*Problem*
An image-free, exact copy of the records below is required.

Segment Start: Source information

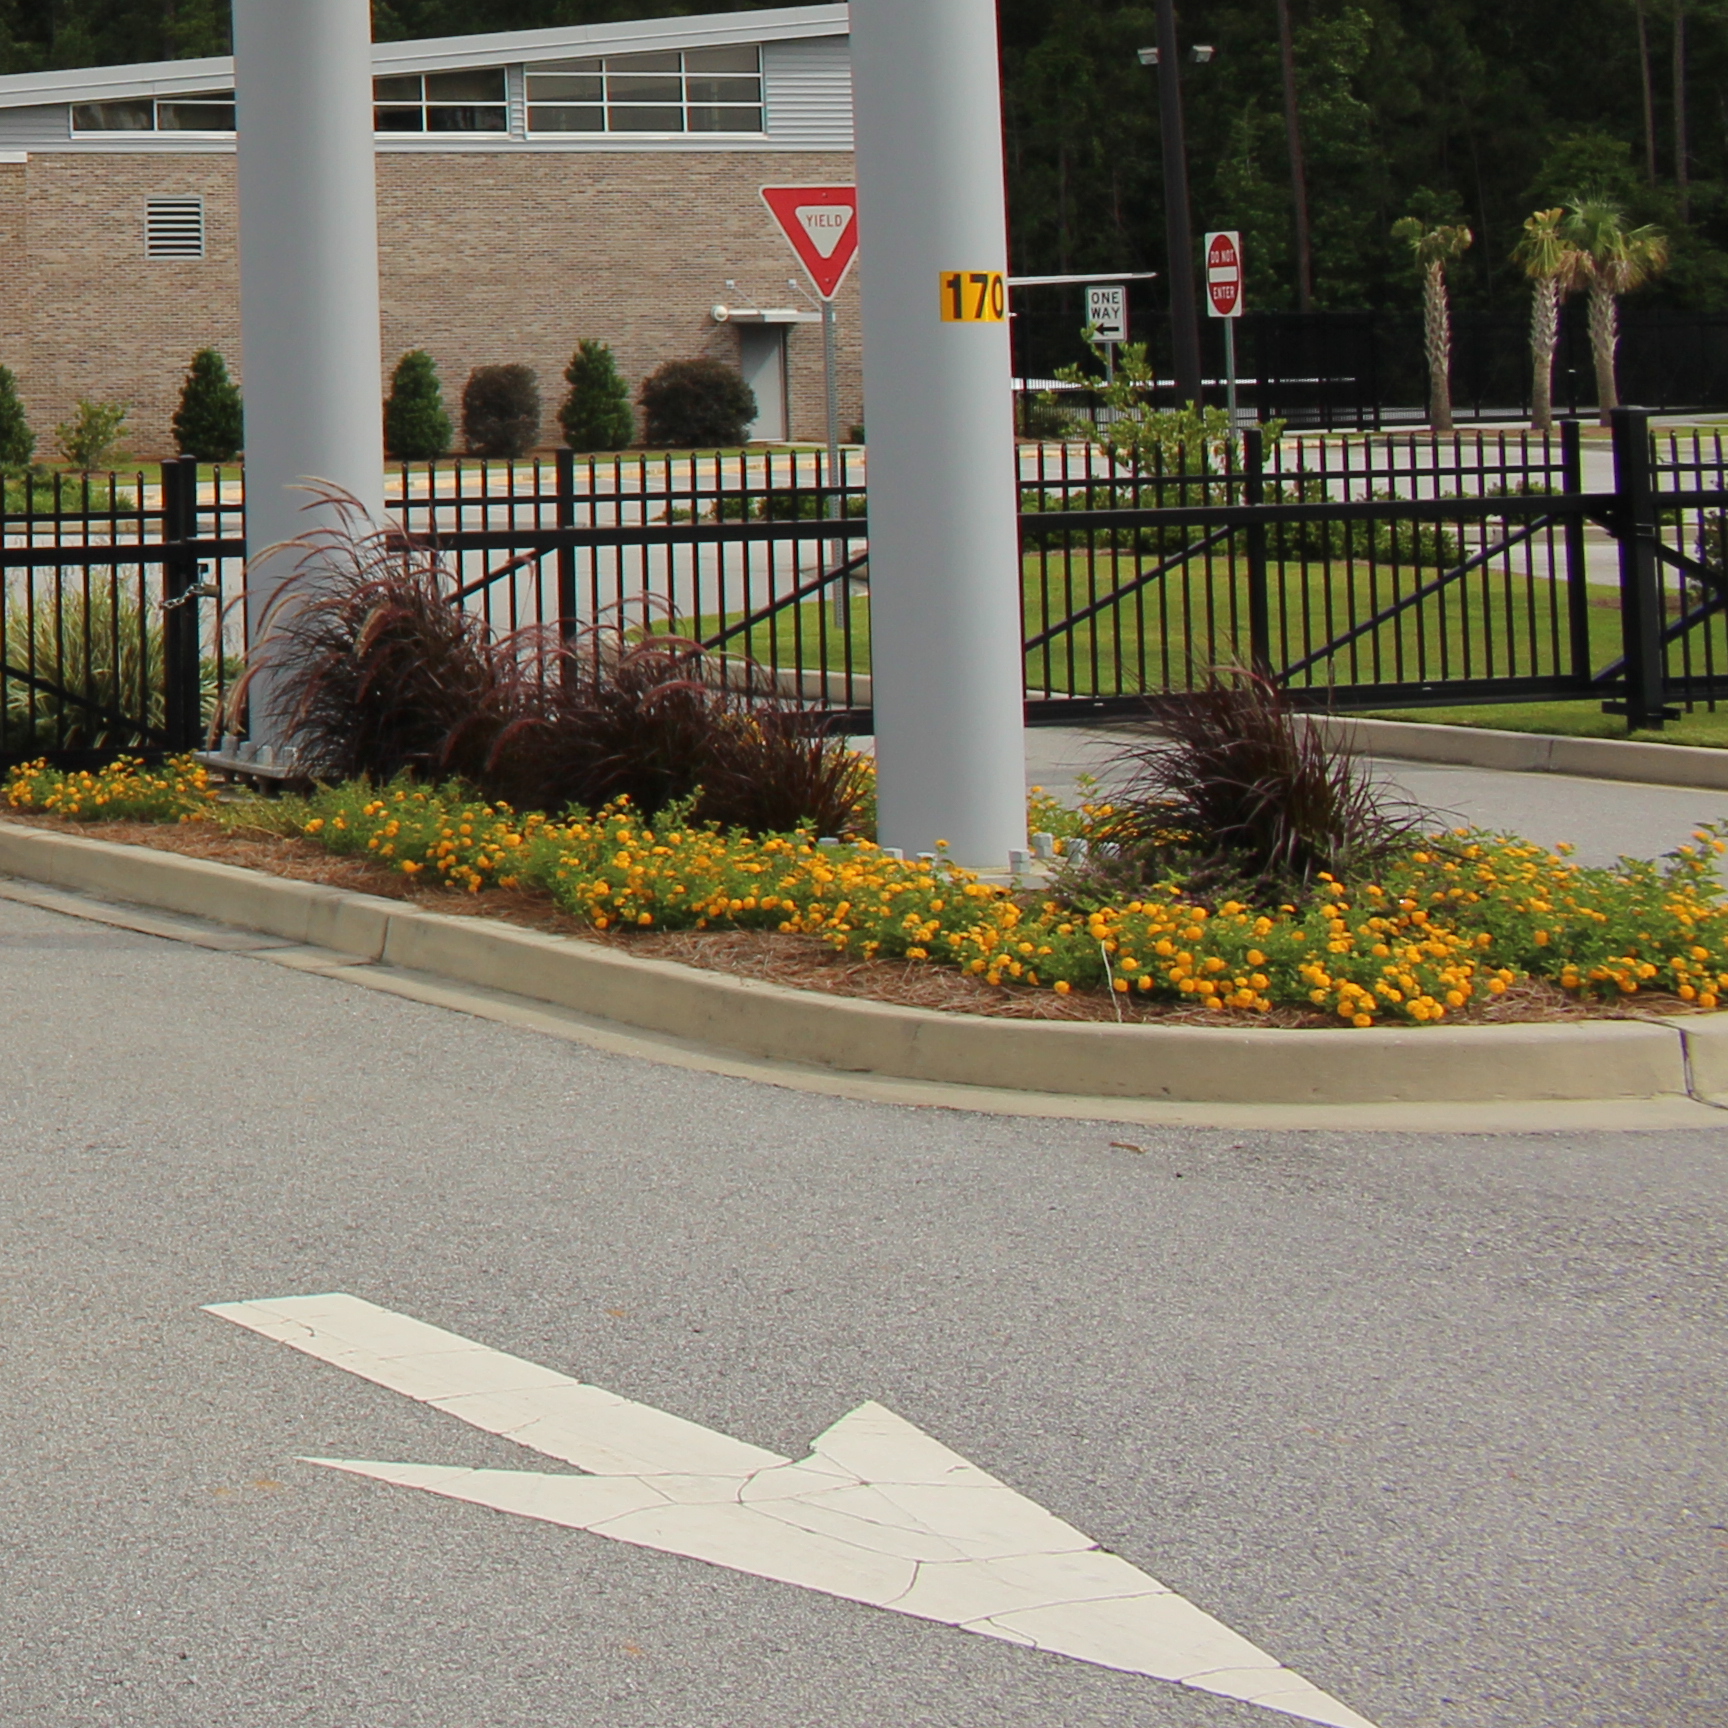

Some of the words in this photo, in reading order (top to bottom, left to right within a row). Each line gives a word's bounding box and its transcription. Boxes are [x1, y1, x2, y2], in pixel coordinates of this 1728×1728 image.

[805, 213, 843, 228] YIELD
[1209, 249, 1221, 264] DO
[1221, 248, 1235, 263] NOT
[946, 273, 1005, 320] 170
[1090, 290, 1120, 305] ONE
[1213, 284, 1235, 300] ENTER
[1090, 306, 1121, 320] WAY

Segment End: Source information

*Completed exercise*
Some of the words in this photo, in reading order (top to bottom, left to right within a row). Each line gives a word's bounding box and its transcription. Boxes are [x1, y1, x2, y2], in pixel coordinates of this 1728×1728 image.

[805, 213, 843, 228] YIELD
[1209, 249, 1221, 264] DO
[1221, 248, 1235, 263] NOT
[946, 273, 1005, 320] 170
[1090, 290, 1120, 305] ONE
[1213, 284, 1235, 300] ENTER
[1090, 306, 1121, 320] WAY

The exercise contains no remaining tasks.